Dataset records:
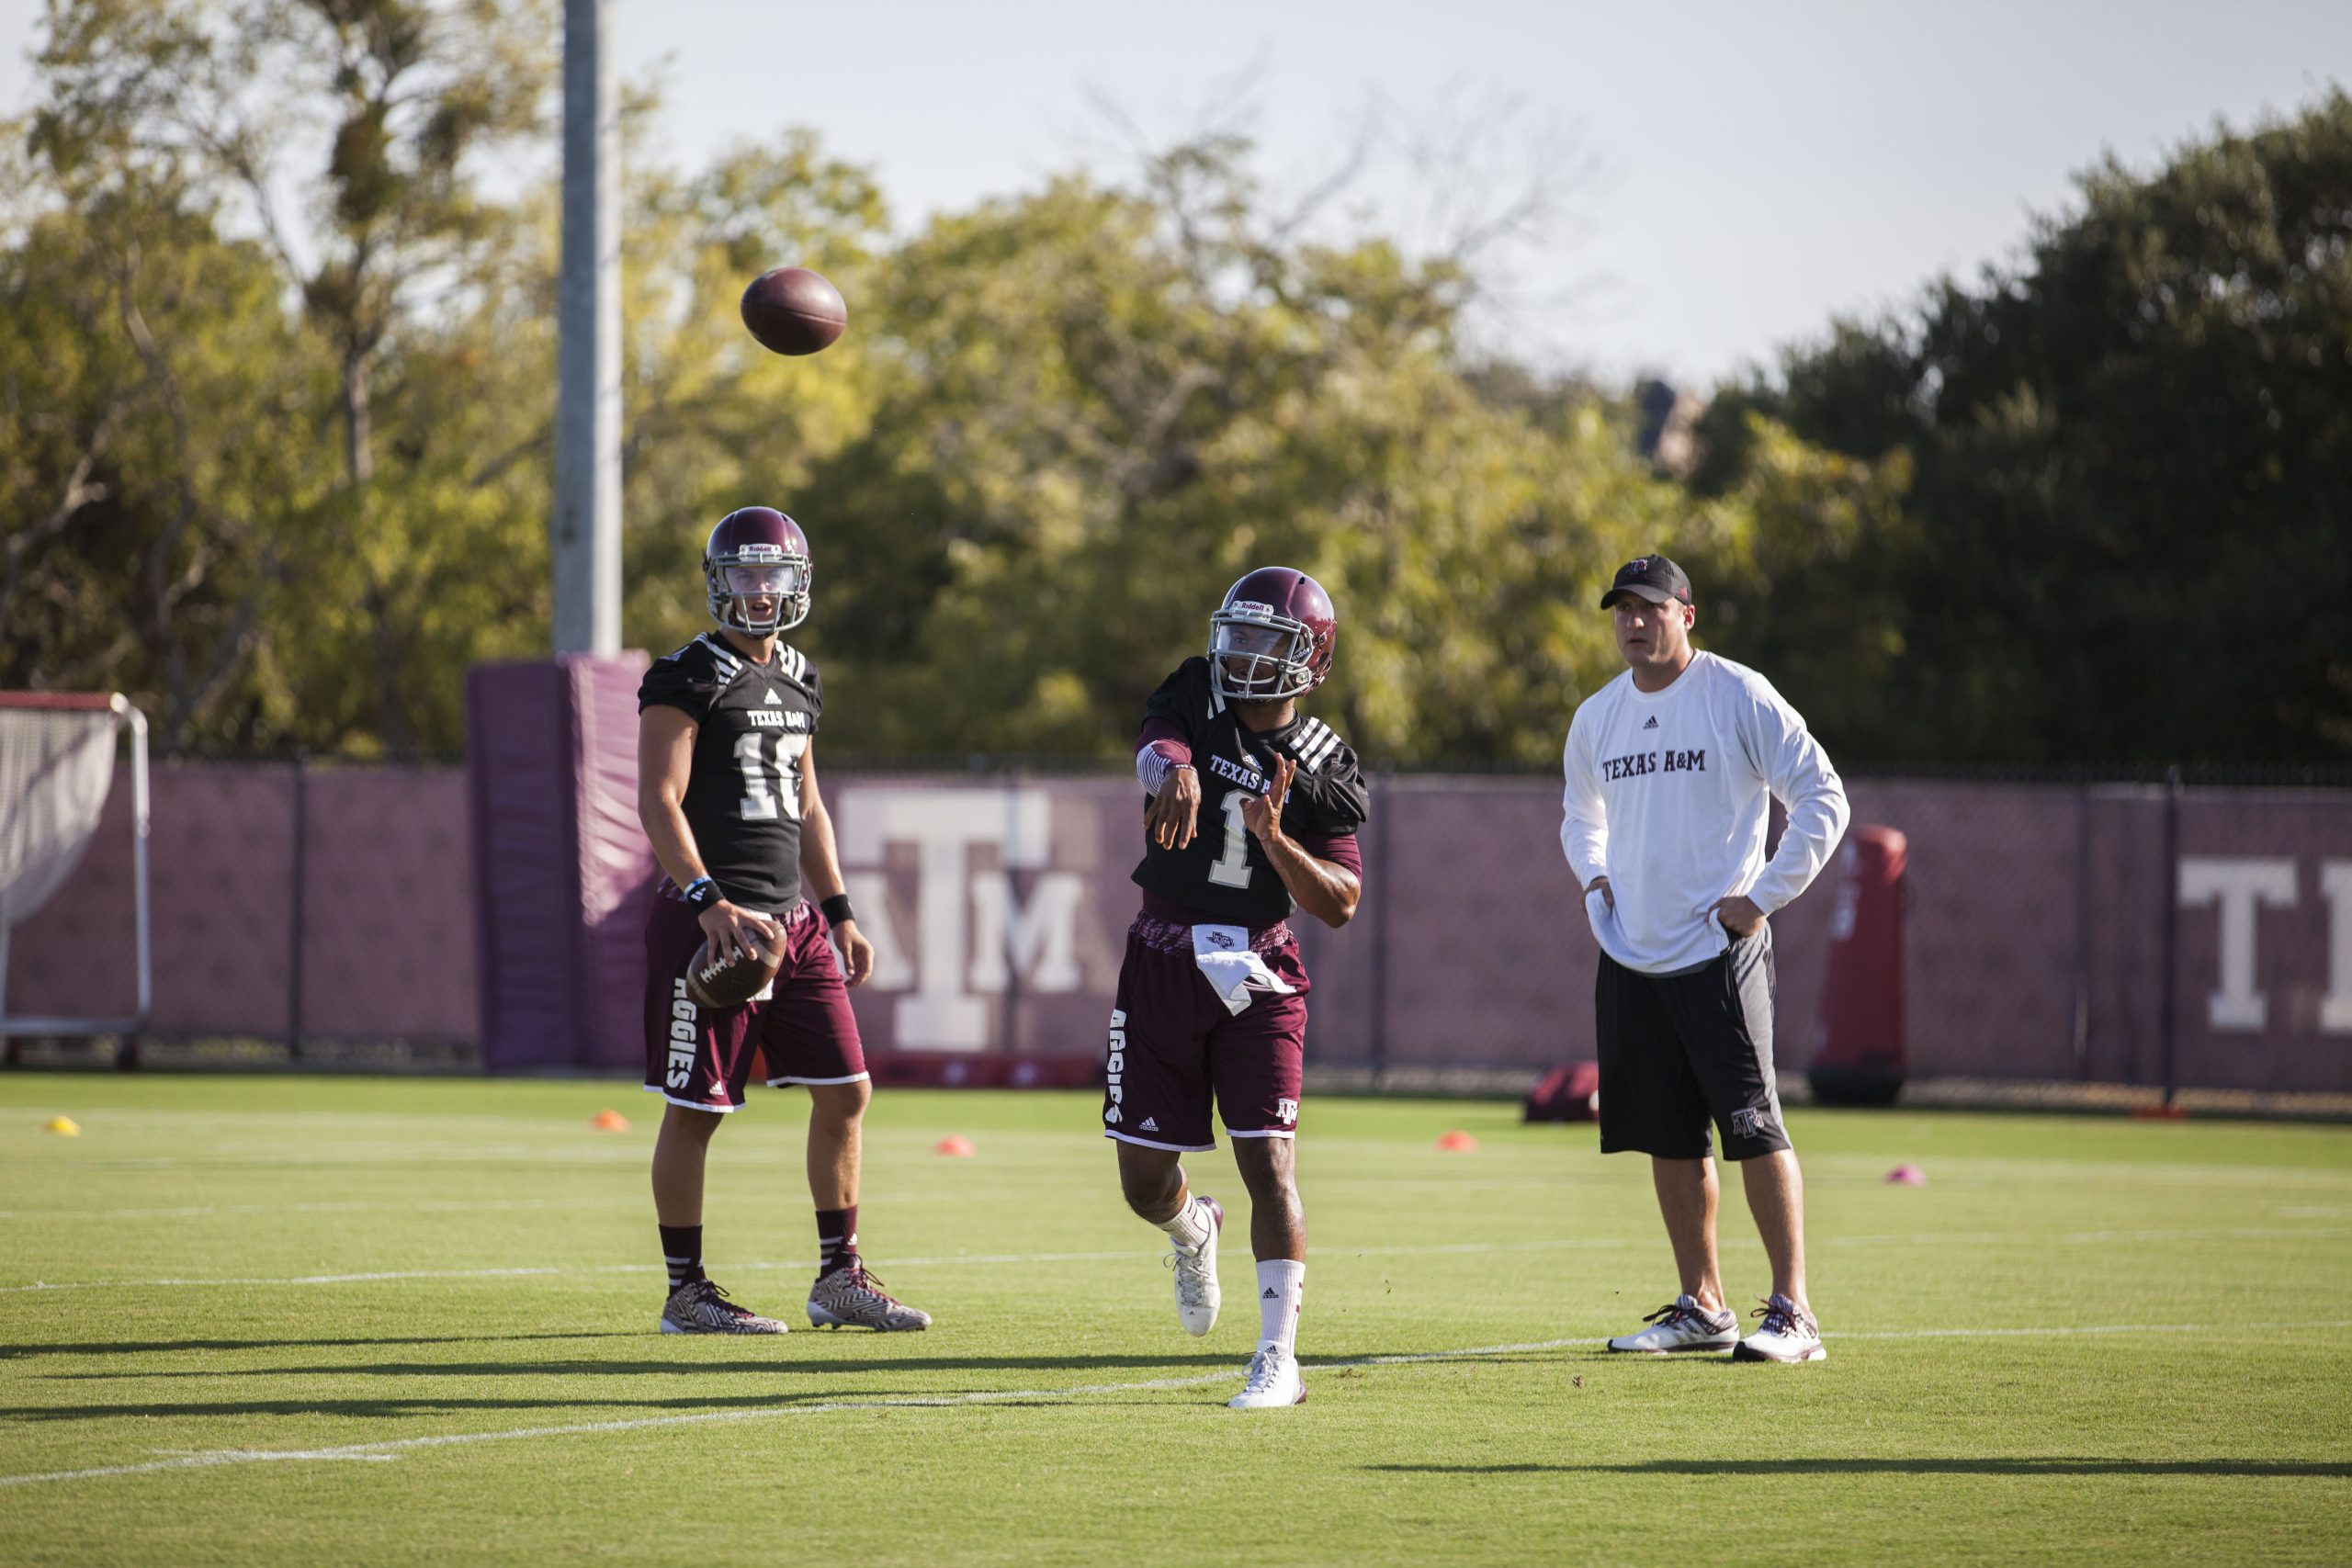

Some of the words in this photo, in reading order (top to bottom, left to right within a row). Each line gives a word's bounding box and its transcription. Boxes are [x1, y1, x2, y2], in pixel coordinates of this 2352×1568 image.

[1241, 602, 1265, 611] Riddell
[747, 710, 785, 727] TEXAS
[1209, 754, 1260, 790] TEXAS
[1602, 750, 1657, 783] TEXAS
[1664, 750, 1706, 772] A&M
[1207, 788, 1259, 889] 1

**EXERCISE INSTRUCTIONS:**
An exact copy of the entries above is required, with the pictures left out.

**OUTPUT OF THE TASK:**
Some of the words in this photo, in reading order (top to bottom, left to right within a row). Each line gives a word's bounding box and its transcription. Boxes are [x1, y1, x2, y2], in pixel coordinates of this 2352×1568 image.

[1241, 602, 1265, 611] Riddell
[747, 710, 785, 727] TEXAS
[1209, 754, 1260, 790] TEXAS
[1602, 750, 1657, 783] TEXAS
[1664, 750, 1706, 772] A&M
[1207, 788, 1259, 889] 1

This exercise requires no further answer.